Brock Linahan was a parody of a real Canadian celebrity interviewer Brian Linehan, who died in 2004. His TV show was "City Lights". I wasn't familiar with him, and only knew of him thru Martin's skits. Martin's "Brock" would come off as meticulous but his research would always be full of mistakes.


----------



## Camper6 (Sep 15, 2017)

applecruncher said:


> Brock Linahan was a parody of a real Canadian celebrity interviewer Brian Linehan, who died in 2004. His TV show was "City Lights". I wasn't familiar with him, and only knew of him thru Martin's skits. Martin's "Brock" would come off as meticulous but his research would always be full of mistakes.

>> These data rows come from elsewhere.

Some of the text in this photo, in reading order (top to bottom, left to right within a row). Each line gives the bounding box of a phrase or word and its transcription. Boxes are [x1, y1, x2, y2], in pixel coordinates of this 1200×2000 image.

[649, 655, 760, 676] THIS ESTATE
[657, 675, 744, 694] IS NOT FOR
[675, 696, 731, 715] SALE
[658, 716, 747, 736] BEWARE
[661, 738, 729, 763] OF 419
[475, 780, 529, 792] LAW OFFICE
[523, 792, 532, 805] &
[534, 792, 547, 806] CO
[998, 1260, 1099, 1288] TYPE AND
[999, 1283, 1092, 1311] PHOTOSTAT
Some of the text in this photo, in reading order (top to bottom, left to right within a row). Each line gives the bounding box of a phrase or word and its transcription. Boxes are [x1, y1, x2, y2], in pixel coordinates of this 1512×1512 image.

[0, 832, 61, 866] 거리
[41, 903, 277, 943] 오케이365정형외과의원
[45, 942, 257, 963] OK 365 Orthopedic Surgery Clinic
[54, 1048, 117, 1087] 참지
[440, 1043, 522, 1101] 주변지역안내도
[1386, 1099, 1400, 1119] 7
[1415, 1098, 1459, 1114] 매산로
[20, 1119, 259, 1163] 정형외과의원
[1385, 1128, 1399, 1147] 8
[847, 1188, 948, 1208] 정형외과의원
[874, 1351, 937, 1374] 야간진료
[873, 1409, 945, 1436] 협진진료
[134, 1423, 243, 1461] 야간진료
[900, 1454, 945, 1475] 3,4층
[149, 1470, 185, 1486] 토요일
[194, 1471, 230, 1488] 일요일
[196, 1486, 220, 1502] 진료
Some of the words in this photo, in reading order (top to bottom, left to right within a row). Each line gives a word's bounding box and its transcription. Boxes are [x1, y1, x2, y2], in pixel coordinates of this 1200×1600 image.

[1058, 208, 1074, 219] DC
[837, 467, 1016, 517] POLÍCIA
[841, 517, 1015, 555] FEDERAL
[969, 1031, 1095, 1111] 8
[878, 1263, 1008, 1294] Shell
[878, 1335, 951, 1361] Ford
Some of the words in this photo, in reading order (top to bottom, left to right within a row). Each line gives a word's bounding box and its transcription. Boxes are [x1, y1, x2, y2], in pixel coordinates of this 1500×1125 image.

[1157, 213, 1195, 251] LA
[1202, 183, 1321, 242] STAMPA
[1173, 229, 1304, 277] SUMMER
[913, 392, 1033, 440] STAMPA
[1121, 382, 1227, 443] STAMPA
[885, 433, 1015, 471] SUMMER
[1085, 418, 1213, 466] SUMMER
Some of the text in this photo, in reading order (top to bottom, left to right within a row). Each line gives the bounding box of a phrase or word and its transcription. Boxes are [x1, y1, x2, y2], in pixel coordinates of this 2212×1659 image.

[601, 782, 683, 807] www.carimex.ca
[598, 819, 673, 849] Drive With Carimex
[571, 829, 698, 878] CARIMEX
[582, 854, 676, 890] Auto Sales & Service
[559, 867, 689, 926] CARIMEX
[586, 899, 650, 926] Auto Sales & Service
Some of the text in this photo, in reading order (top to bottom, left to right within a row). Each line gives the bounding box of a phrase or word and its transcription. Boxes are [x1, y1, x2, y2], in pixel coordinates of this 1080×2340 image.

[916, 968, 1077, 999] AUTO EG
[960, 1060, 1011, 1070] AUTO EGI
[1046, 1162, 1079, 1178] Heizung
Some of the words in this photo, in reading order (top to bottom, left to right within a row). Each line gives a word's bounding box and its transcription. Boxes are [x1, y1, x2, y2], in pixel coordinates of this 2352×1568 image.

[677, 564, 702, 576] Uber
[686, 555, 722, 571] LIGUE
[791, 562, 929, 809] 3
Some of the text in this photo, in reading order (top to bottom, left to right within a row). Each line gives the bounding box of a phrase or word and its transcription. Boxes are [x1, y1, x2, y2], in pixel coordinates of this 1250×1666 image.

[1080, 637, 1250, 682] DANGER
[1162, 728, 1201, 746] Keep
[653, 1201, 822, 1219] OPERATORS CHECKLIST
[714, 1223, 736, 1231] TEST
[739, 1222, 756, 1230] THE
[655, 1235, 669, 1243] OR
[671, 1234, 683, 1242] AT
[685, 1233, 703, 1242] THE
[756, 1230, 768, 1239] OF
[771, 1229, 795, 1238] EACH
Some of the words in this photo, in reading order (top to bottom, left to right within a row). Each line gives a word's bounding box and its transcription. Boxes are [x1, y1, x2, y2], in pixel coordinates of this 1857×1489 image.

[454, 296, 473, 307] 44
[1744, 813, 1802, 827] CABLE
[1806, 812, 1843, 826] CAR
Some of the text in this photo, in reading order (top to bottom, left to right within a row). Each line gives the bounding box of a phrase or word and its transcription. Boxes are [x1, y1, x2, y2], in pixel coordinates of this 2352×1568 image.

Well I watched both of them so now you are the one who is lost.


----------



## oldman (Sep 15, 2017)

Wasn't Short in "Inner Space" with Dennis Quaid? That movie was pretty good. He played the nervous little guy that was injected with Quaid in a submarine going through Short's body.


----------



## Sassycakes (Sep 15, 2017)

Any show I saw Martin Short in I really enjoyed. He is a terrific comedian.


----------



## Marie5656 (Sep 16, 2017)

*Not a huge fan, as I do not often like comedies, but he was good on SNL.  I also liked a movie he did Called "Innerspace"*


----------



## moviequeen1 (Sep 16, 2017)

oldman said:


> Wasn't Short in "Inner Space" with Dennis Quaid? That movie was pretty good. He played the nervous little guy that was injected with Quaid in a submarine going through Short's body.



Hi,you are right,Short was in this movie'87 along with Meg Ryan,Kevin McCarthy,Henry Gibson,Orson Bean Sue


----------



## moviequeen1 (Sep 16, 2017)

This is a partial list of movies,Martin has appeared in:
3 Amigos'86
Innerspace'87
3 Fugitives'89
Father of The Bride '91 and sequel in '95
Captain Ron'92
Clifford'94
Mars Attacks'96 
A Simple Wish '97
Santa Clause 3 :The Escape'06
He appeared in live TV movie version of "Hairspray" 2016   Sue


----------



## applecruncher (Sep 16, 2017)

More Nathan Thurm


----------



## RadishRose (Sep 16, 2017)

Too funny!


----------



## Victor (Sep 17, 2017)

I love him in PURE LUCK with Danny Glover.

Hilarious physical comedy all through it.
Just saw it again. Great.


----------



## TonyK (Dec 10, 2017)

http://www.nbc.com/saturday-night-live/video/the-contestant/2872683


----------